Ah I hear you ask how do you manage that then...bloody good question and probably the reason for my thinning hair. Still working on that one. We need lots of breaks, days off, this is what I am beginning to realise. I use the 'just 15 minute' rule' ( children with Autism love and loathe rules in equal measure, depending on who's making them). Sooo we will do this activity for 15 mins and then we can stop if you wish. 9 times out of ten that 15 mins is enough to get them locked into something and engaged. I have to have everything set up ready to roll , any waiting or delay will eat into their good will! Sometimes I have to start the activity alone and hope they will be drawn to what I am doing..they often are.

This means hours on the internet, when they are in bed or other wise engaged in Kung Fu Panda, to make a never ending list of interesting things to try. The next trick is trying to gauge what to suggest in line with their frame of mind at any given day...that sounds easy doesn't it? It is so not! Trying to laugh when it all goes Pete Tong ( and it will, often) is often hard but I am getting better at it. Sometimes one of them walking into the door, or falling off a chair can scupper the whole morning. Yes that happens a lot too...all you ASD mothers are nodding now.

The boys are learning and thriving much more and if I look beyond any current angst I can see a bright future, where before I worried. Yes I feel jealous sometimes, I do. I feel jealous of parents who can just get in the car, jealous that they probably don't have to remind their 7 year old to put shoes and trousers on 20 times before he charges out the door.
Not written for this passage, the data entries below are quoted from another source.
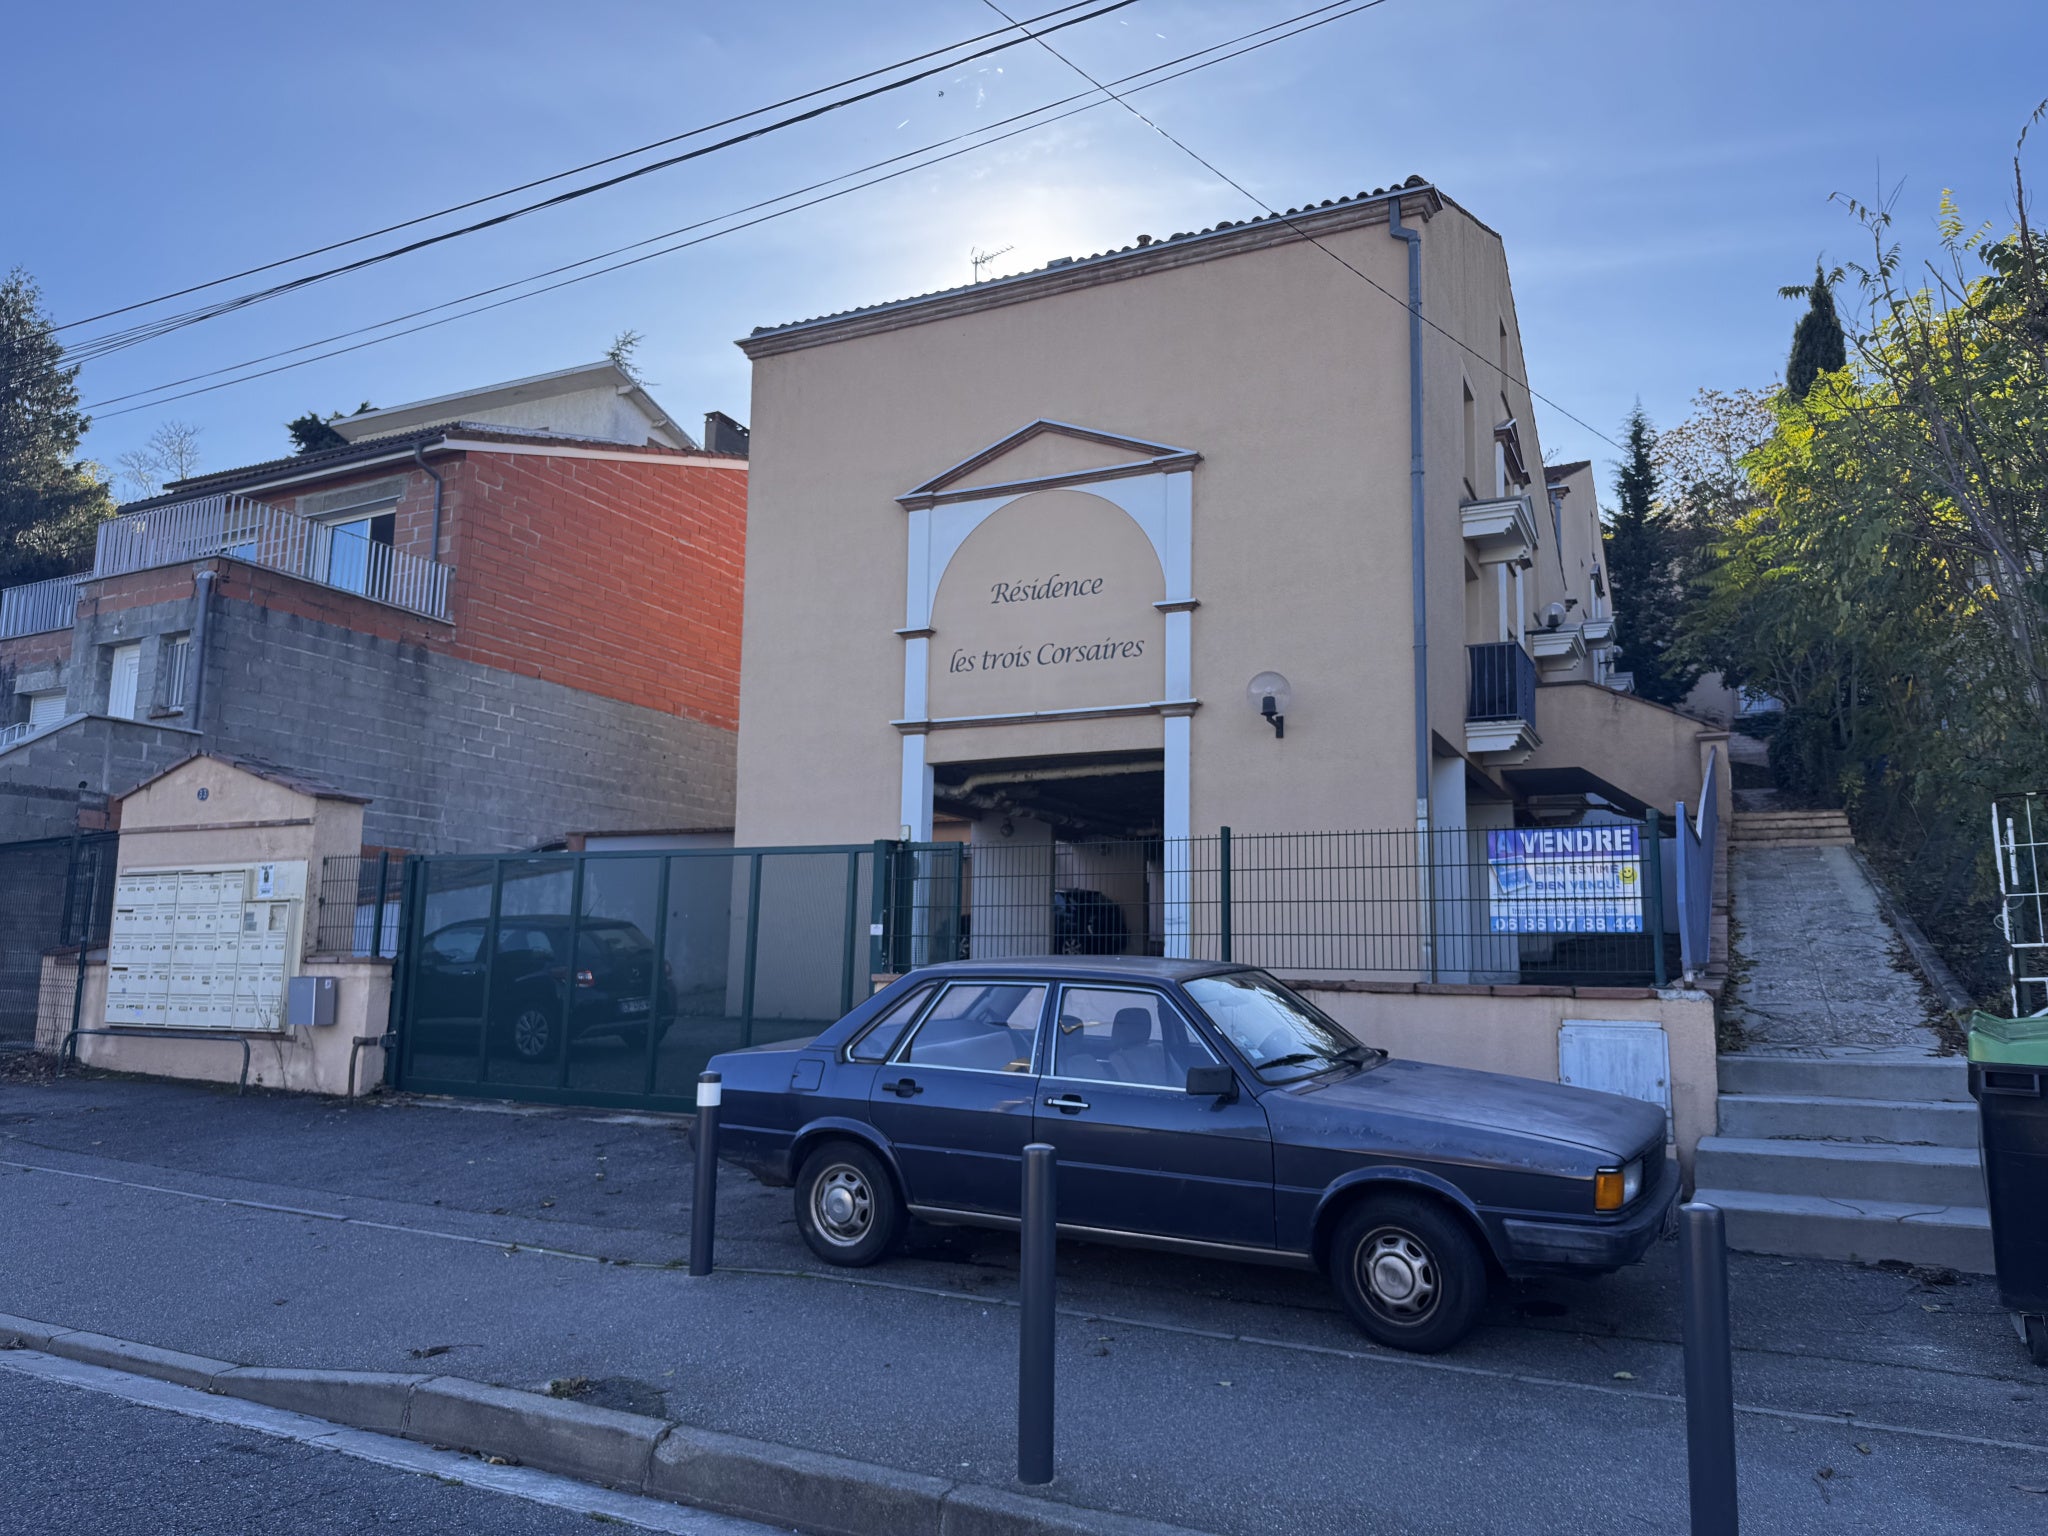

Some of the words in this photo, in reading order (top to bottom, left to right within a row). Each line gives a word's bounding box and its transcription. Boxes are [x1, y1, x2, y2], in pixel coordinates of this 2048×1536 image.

[990, 573, 1104, 605] Résidence
[949, 649, 976, 673] les
[982, 644, 1032, 670] trois
[1037, 637, 1145, 666] Corsaires
[1519, 829, 1632, 854] VENDRE
[1535, 865, 1564, 875] BIEN
[1535, 881, 1565, 890] BIEN
[1495, 918, 1518, 931] 06
[1524, 918, 1546, 930] 86
[1553, 918, 1575, 930] 07
[1583, 917, 1606, 930] 88
[1613, 917, 1636, 930] 44
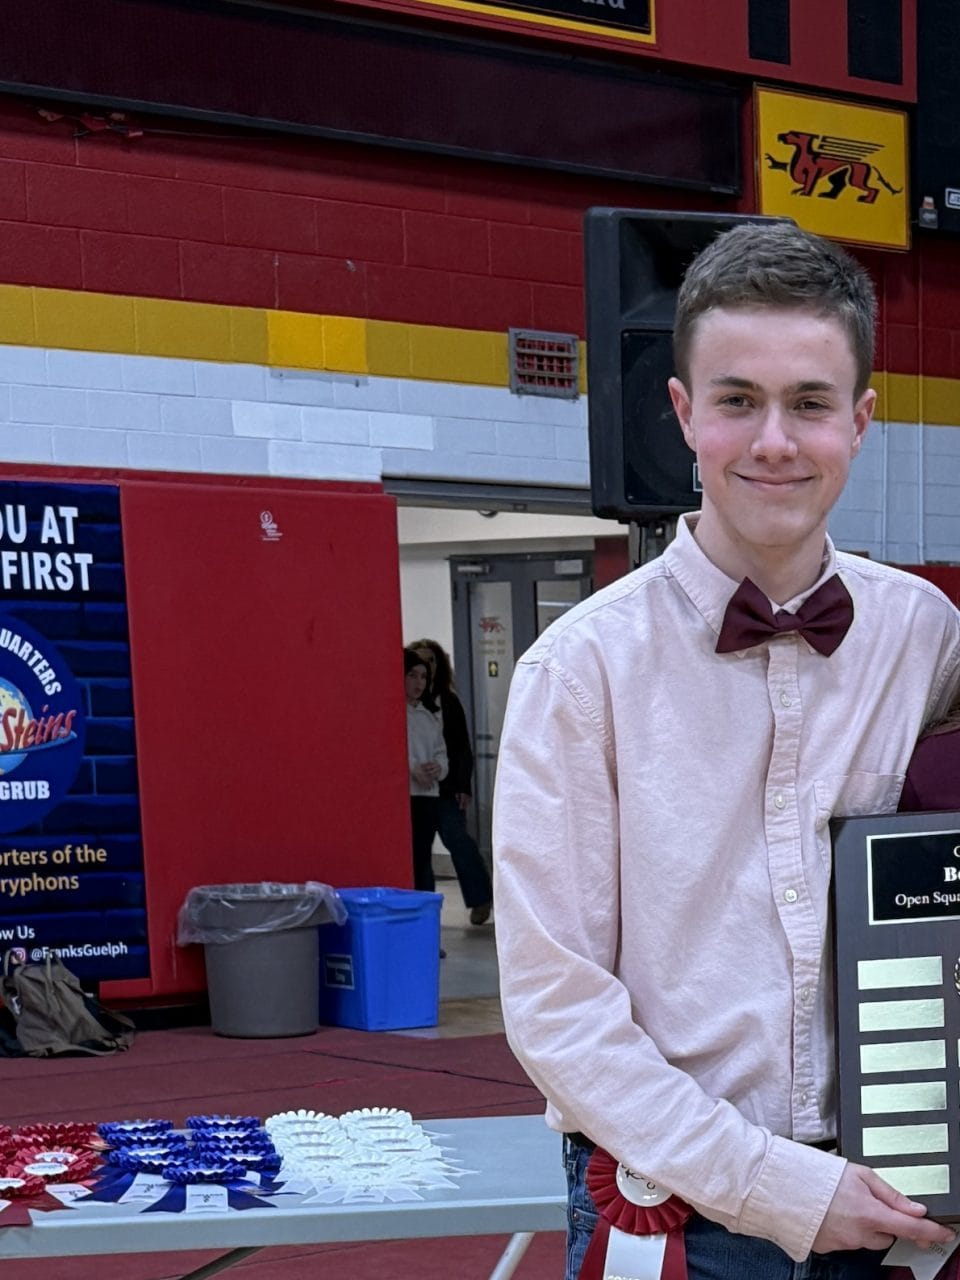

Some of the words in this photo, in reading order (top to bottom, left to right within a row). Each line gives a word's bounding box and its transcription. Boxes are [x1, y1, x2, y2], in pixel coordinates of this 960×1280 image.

[0, 504, 27, 544] U
[41, 505, 79, 545] AT
[1, 551, 93, 592] FIRST
[0, 780, 50, 800] GRUB
[0, 848, 48, 867] rters
[52, 844, 73, 864] of
[75, 843, 108, 864] the
[895, 893, 930, 908] Open
[17, 925, 36, 940] Us
That they don't have the angst over shoes, which ones, which socks with which shoes, the need for a coat in the depths of a blizzard and the millions of questions as to 'why', why, why, why! The occasions where too exhausted to have that same conversation about coats and shoes I have let them out only to be screamed at because they are cold. Trying not to feel angry because now they are really upset about something you desperately were advising against, knowing in a days time the whole cycle will start again and they won't remember . Then realising you have turned up for your doctors appointment, physio ( insert as appropriate) looking frazzled, sweaty and unable to park  your car because of the stream of consciousness emanating from the back seat. Things like 'do earwigs make chutney', ' whys that man got a big nose' and very likely 'what is that STENCH!', the phrase that follows me everywhere. Of yeah and you are wearing your slippers. 

All of the above is hard, I won't lie, it's tiring. Then there is the  in battles over benefits, giving up work to provide the best care they need and having a society that simply doesn't get you..yeah it's knackering. Watching your child struggle is demoralising and having the general public cast you as a problem sucks big time. Everyone loves to tell you what your children REALLY need, all the time, it's astounding.

However, and it's a very big word that...however. Would I put them back into school . NO! Do I enjoy having them around 'YES' . They make me laugh every single day and I admire how hard they really do try in the face if all the obstacles. They are thriving, they are very happy most of the time, they will be ok, I know this deep in my soul. Everyday we overcome another issue, everyday I learn from them as much as they learn from me. They make me a much better person than I was. Yes is painful to see the difficulties but I think I am the best person to see them and deal with them .

So much has happened in the time we have been on this home ed journey , thanks for sticking with us! Thanks for understanding every time we let you down, had to leave early and for not judging us when things were difficult.